Una pareja de jóvenes enamorados convive felizmente en una casa ubicada en un sencillo y apacible enclave natural.

En ese instante de plenitud vital todo se quiebra. Él fallece. Lo que sucede después -su cadáver revive convertido en fantasma para regresar al único lugar que podría continuar teniendo sentido para él- resulta ser solamente el pretexto de una especie de tratado existencialista que comienza de forma sosegada y termina apabullando y fascinando a partes iguales.

Ataviado con la clásica sábana blanca, que incluye los recortes en los ojos, negros, tristes, anónimos-, el ahora ya fantasma emprende un «viaje» inicial desde el hospital que certifica su fallecimiento, hasta el paraje donde se encuentra su hogar. 

Se trata de un viaje que se inicia con la muerte, pero ¿dónde y cuándo termina la muerte? ¿Quizás no termina?
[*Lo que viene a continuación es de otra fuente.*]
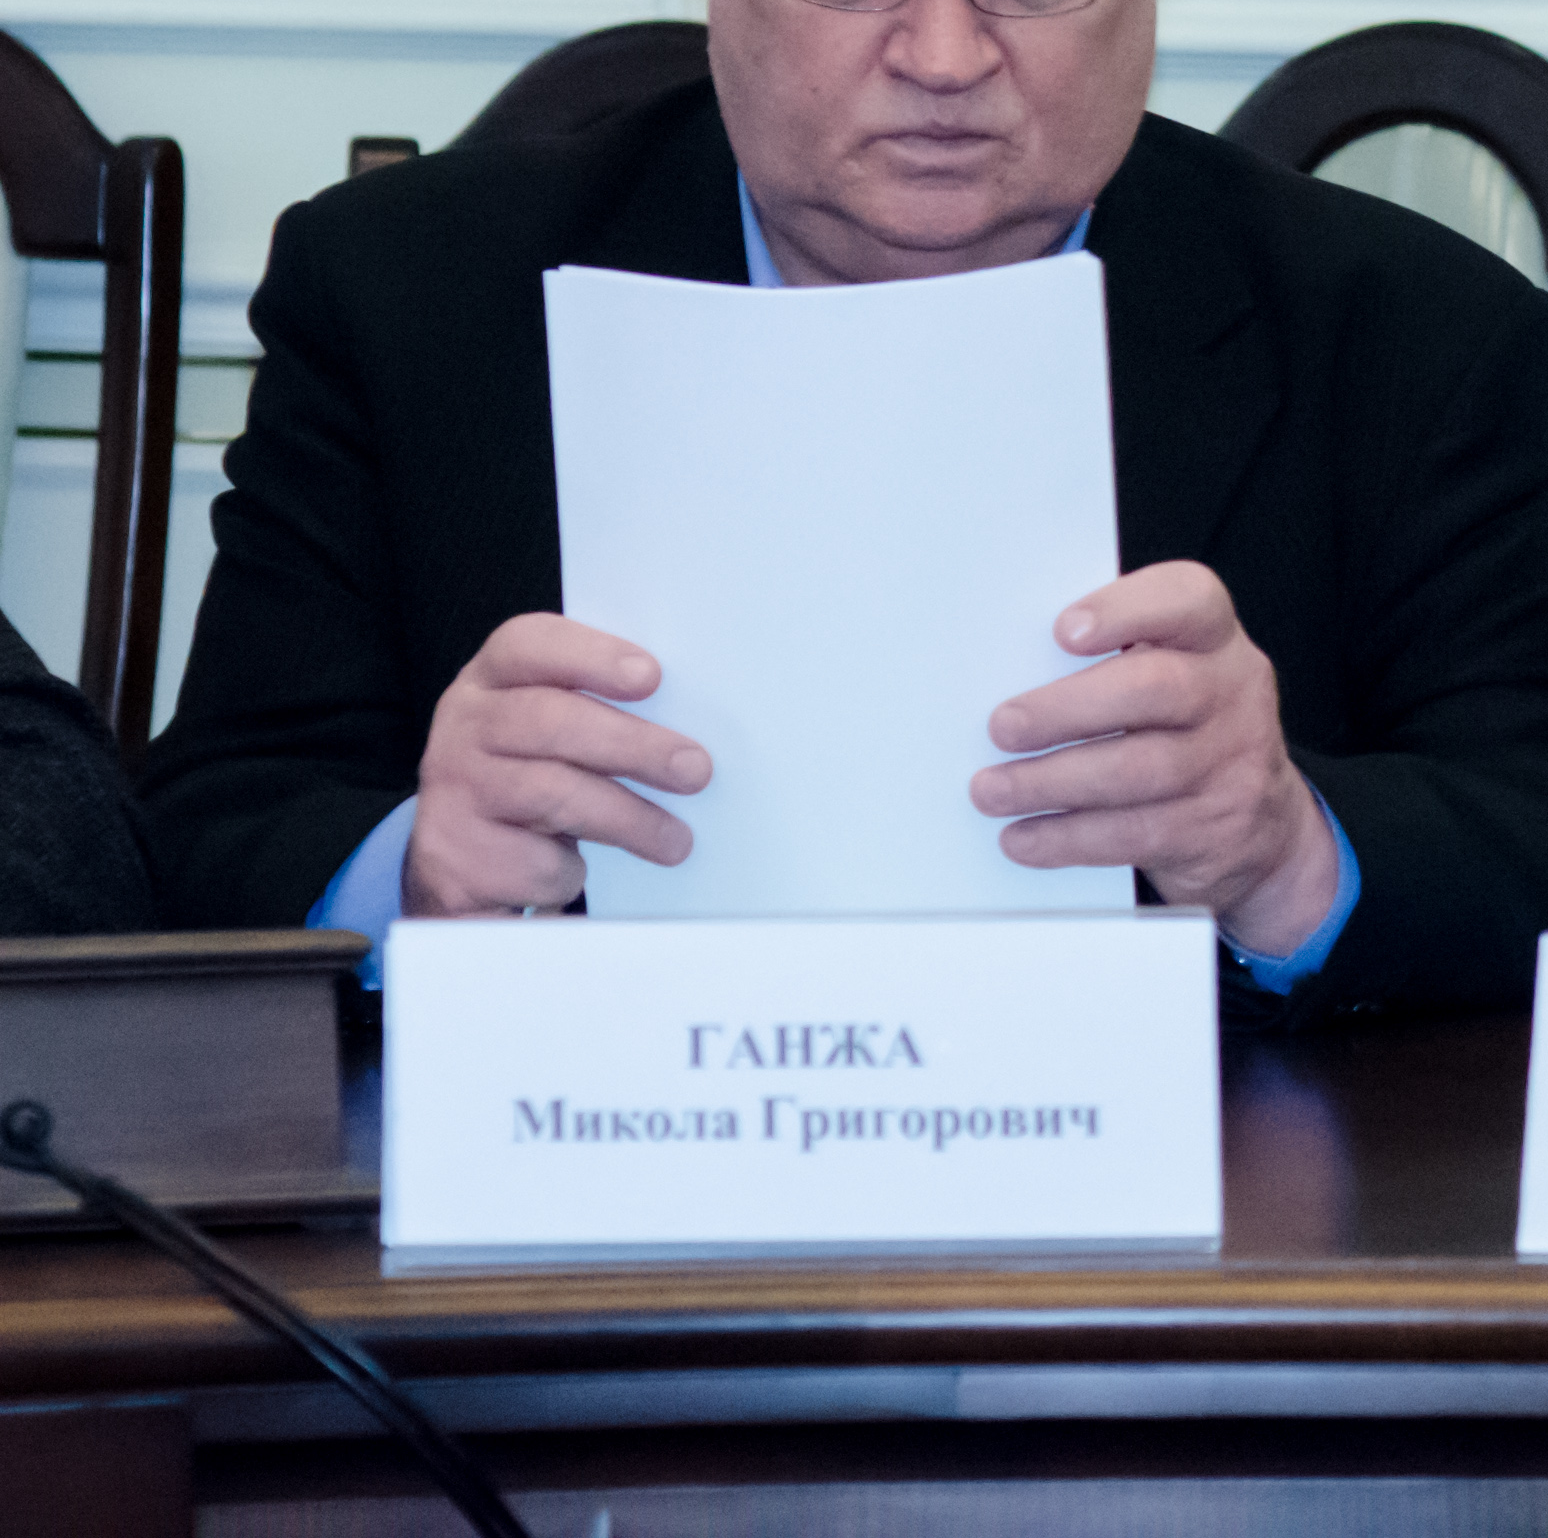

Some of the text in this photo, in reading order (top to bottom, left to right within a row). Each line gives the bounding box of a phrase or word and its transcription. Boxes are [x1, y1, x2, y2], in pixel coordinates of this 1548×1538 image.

[687, 1022, 925, 1069] ГАНЖА
[512, 1095, 1101, 1154] Микола Григорович
Son dudas que deberá ir resolviendo el fantasma.

Las obras de arte son solo pretextos, ya lo hemos dicho. Artefactos para explicar el mundo poéticamente. La poesía de “A ghost story” nos sugiere que cuando no morimos «antes de tiempo» -eje esencial del argumento- la experimentación de la vida resulta equiparable a la de un muerto. Si la superación de la infancia y la juventud nos hace continuar, biológicamente, vivos, la comprensión madura del mundo nos “hiela”. Nos convierte, digámoslo por fin, en fantasmas en un momento determinado. 

Una sábana de ciento cincuenta y cinco kilogramos de peso descarga y se reparte de repente sobre nuestra existencia, mientras deambulamos de manera torpe, lenta y pesada hacia el confort de los espacios y los tiempos situados… ¿dónde?

El espacio es cambiante; la casa donde nacemos es derruida, aquella arboleda fue talada, la tienda donde comprábamos la merienda al salir del colegio ahora es una lavandería, o peor, está en un espacio vacío que nadie recuerda. Ni recordará.

¿Quién puede querer en esas condiciones la eternidad? Una eternidad que no garantiza la permanencia de absolutamente nada, y, más bien al contrario, garantiza la desaparición de absolutamente todo, con excepción de uno mismo para quien haya tenido la «suerte» de convertirse en fantasma.

¿No se trata, entonces, más de un castigo que de cualquier otra cosa?

Quizás sea conveniente descifrar todas las dudas y/o secretos. Quizás necesitemos el debido tiempo para encontrar las respuestas, dentro del margen de nuestra limitada existencia, siempre y cuando las relaciones interpersonales, la procreación y el trabajo no interrumpan inexorablemente cualquier avance al respecto. 

Tal vez tengamos en la punta de los dedos el acceso a todos esos secretos, y tal vez sea solo su mera existencia, su mera intuición, la que nos mantenga en pie, la que nos aporte una expectativa de sucesos y horizontes futuros, ante cuya ausencia, ¡pum! podamos acabar pinchados como un globo. 

¡Vaya! Quizás solo seamos burbujas a punto de explotar, que giran y dan vueltas alrededor de sí mismas, mientras escudriñan si esa multiplicidad de familiares presencias con las que se topan una y otra vez son realmente familiares y amistosas o no. 

Sí, tal vez lo seamos, burbujas en un estado de semi-aislamiento e incomunicación, a la espera de desfallecer, dudar o saber para poder, por fin, desaparecer.